Walking each other home

‘We’re all just walking each other home.’ Ram Dass

This quote popped up on my instagram feed and immediately I was reduced to tears.

I was transported back in time to two friends walking each other home and then back again because they didn’t want the conversation to end. I like to imagine we were talking about the lives that hung in front of us – a shimmering range of possibilities. But it’s likely we were just talking about boys. Planning our tactics as Lianne, our military commander and most successful fighter, would say with a wicked grin.

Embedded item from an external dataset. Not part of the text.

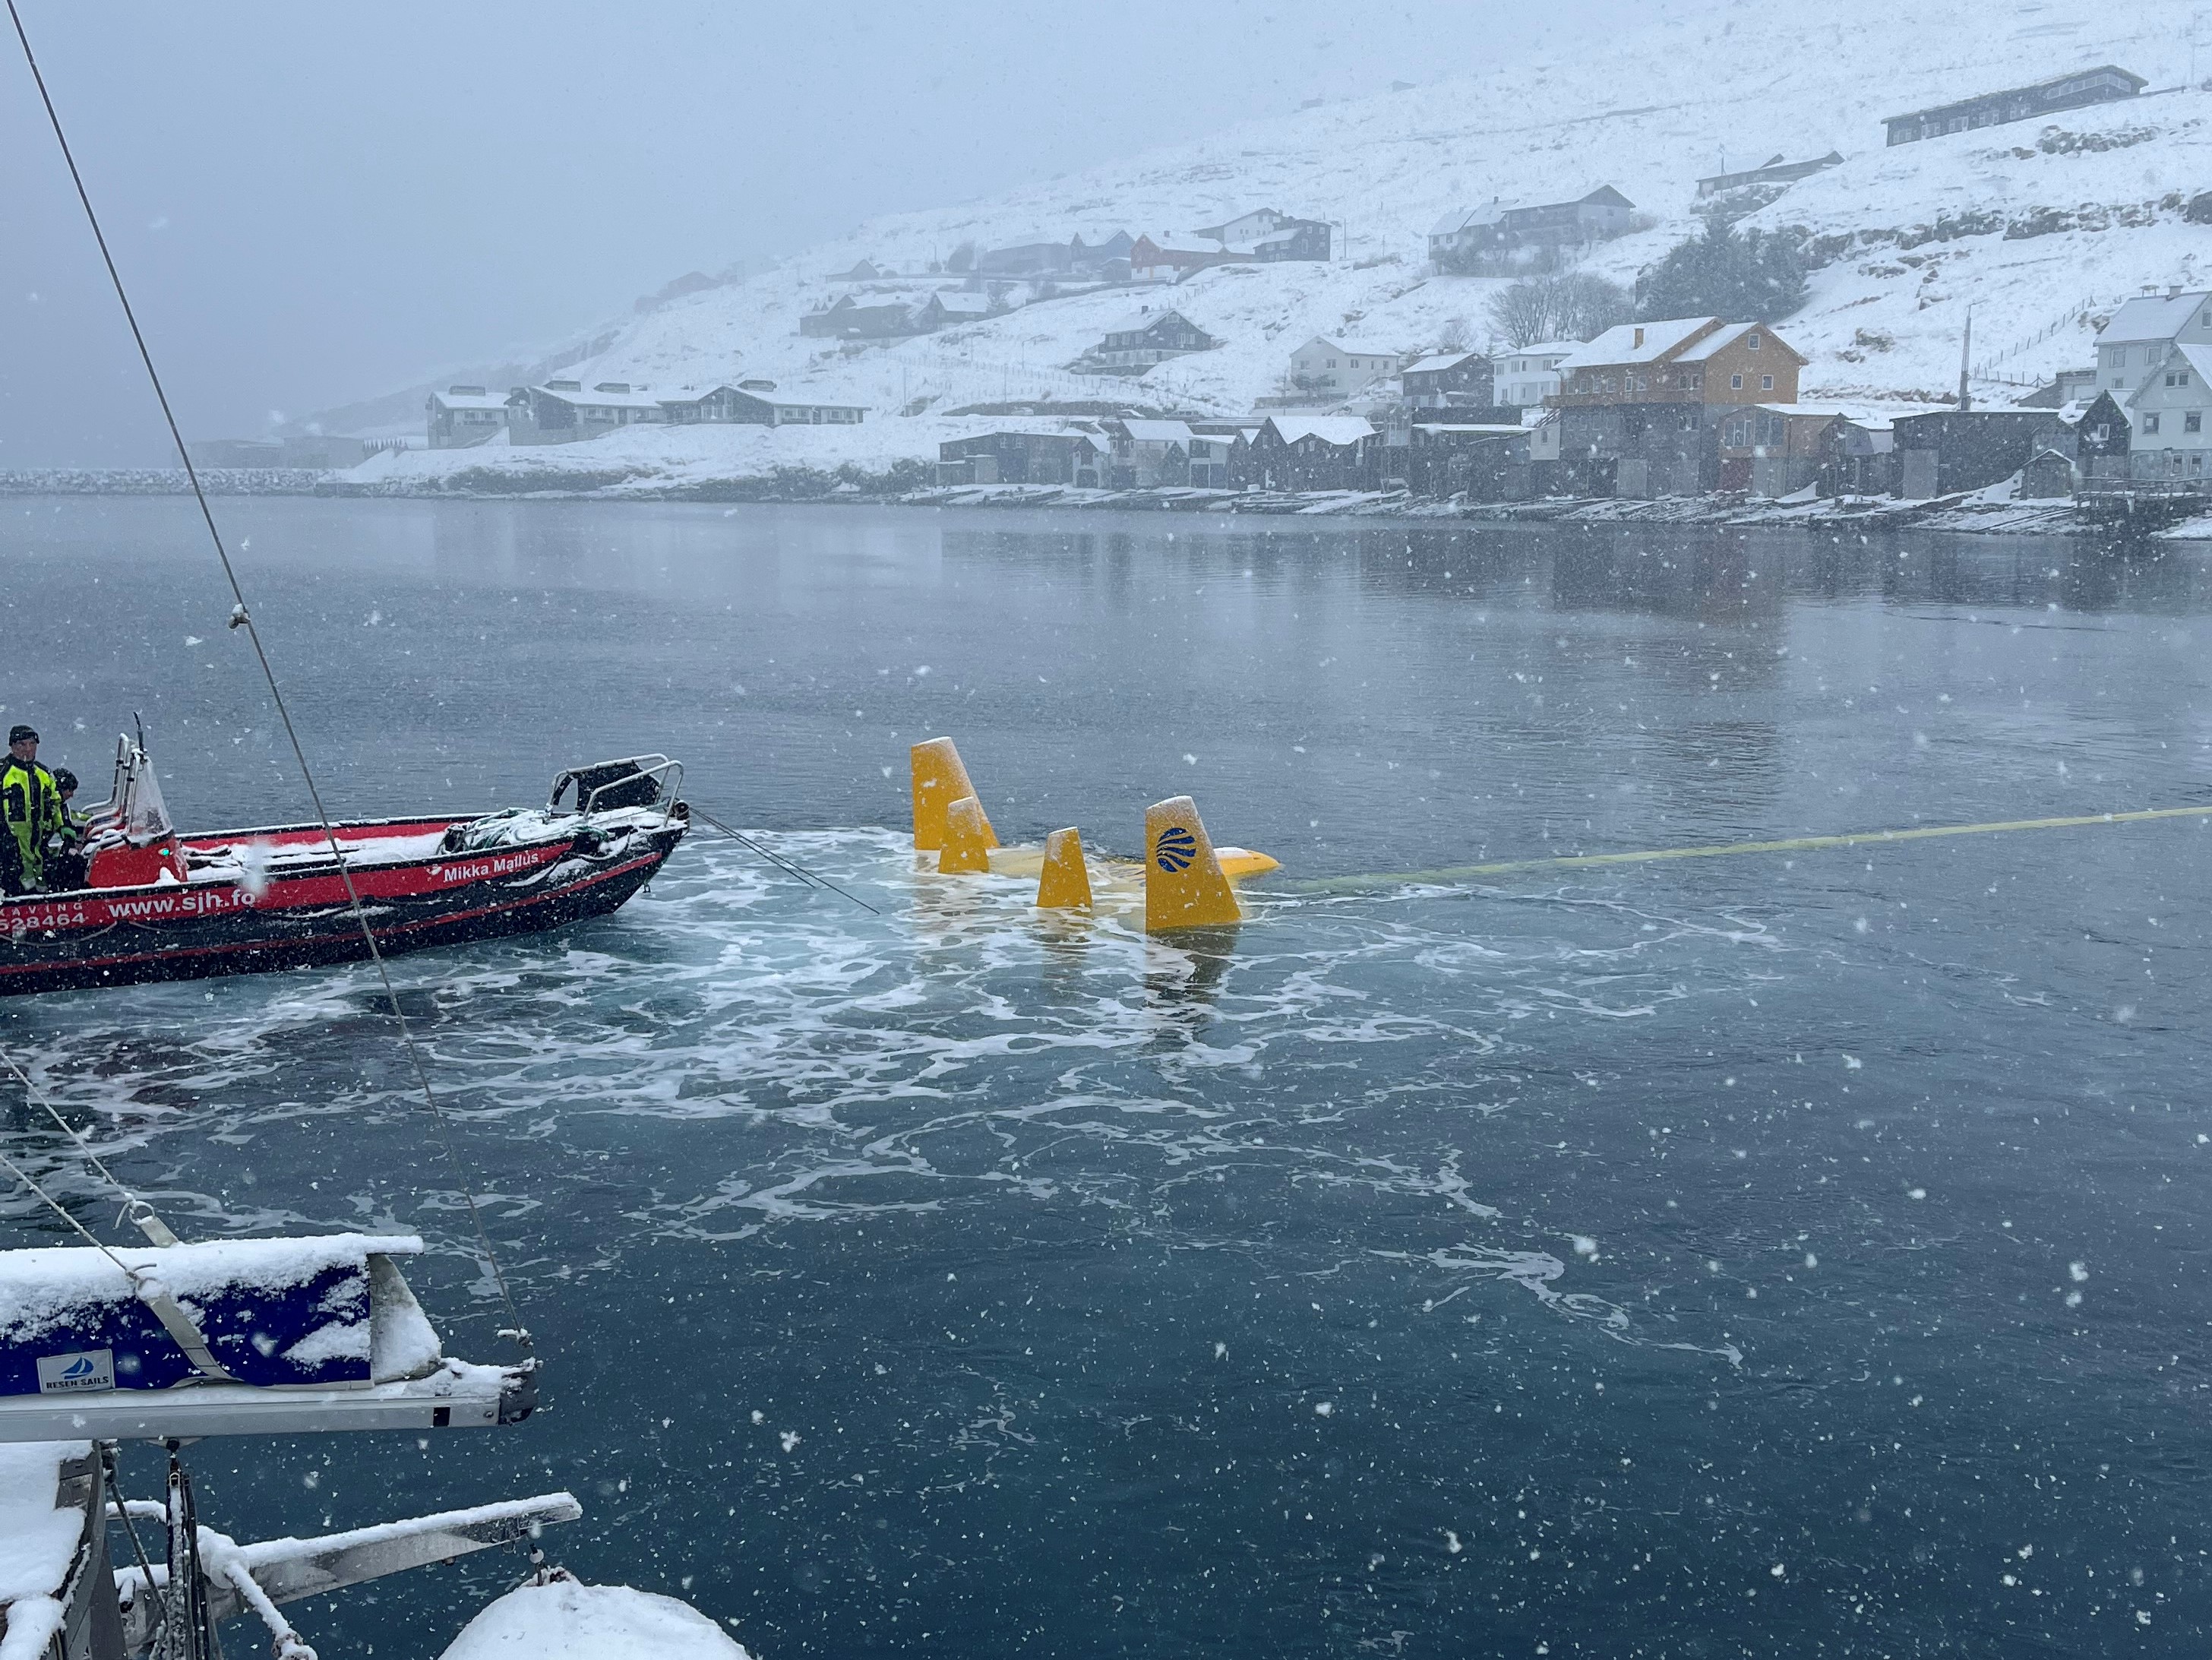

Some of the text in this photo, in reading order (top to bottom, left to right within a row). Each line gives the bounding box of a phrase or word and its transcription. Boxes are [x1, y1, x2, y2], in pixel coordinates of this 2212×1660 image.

[444, 865, 489, 882] Mikka
[109, 889, 256, 917] www.sjh.fo
[46, 1376, 109, 1389] RESEN SAILS

We were 17. We didn’t know that one of us had already lived half her life and two dark passengers deep within her brain would soon be making their presence felt.

Meeting Lianne, being her friend and then losing her changed my life. I don’t want to imagine who I would have been without those conversations. And for six years, the conversations have been a little one-sided.

I still miss Lianne so much. When we gather together Greg, Debs and Ros, as we will this weekend for my birthday, it still feels like somebody is missing. Maybe it always will and maybe that’s OK too.

Because that is what great friends do – they change you without you even knowing how or why. They become so entangled in your life, the roots so deep you can’t tell where they begin and you end. And sometimes they go home early and you’re left walking home alone.

It is uncharacteristic. That Lianne, the person who never wanted to leave the party left first.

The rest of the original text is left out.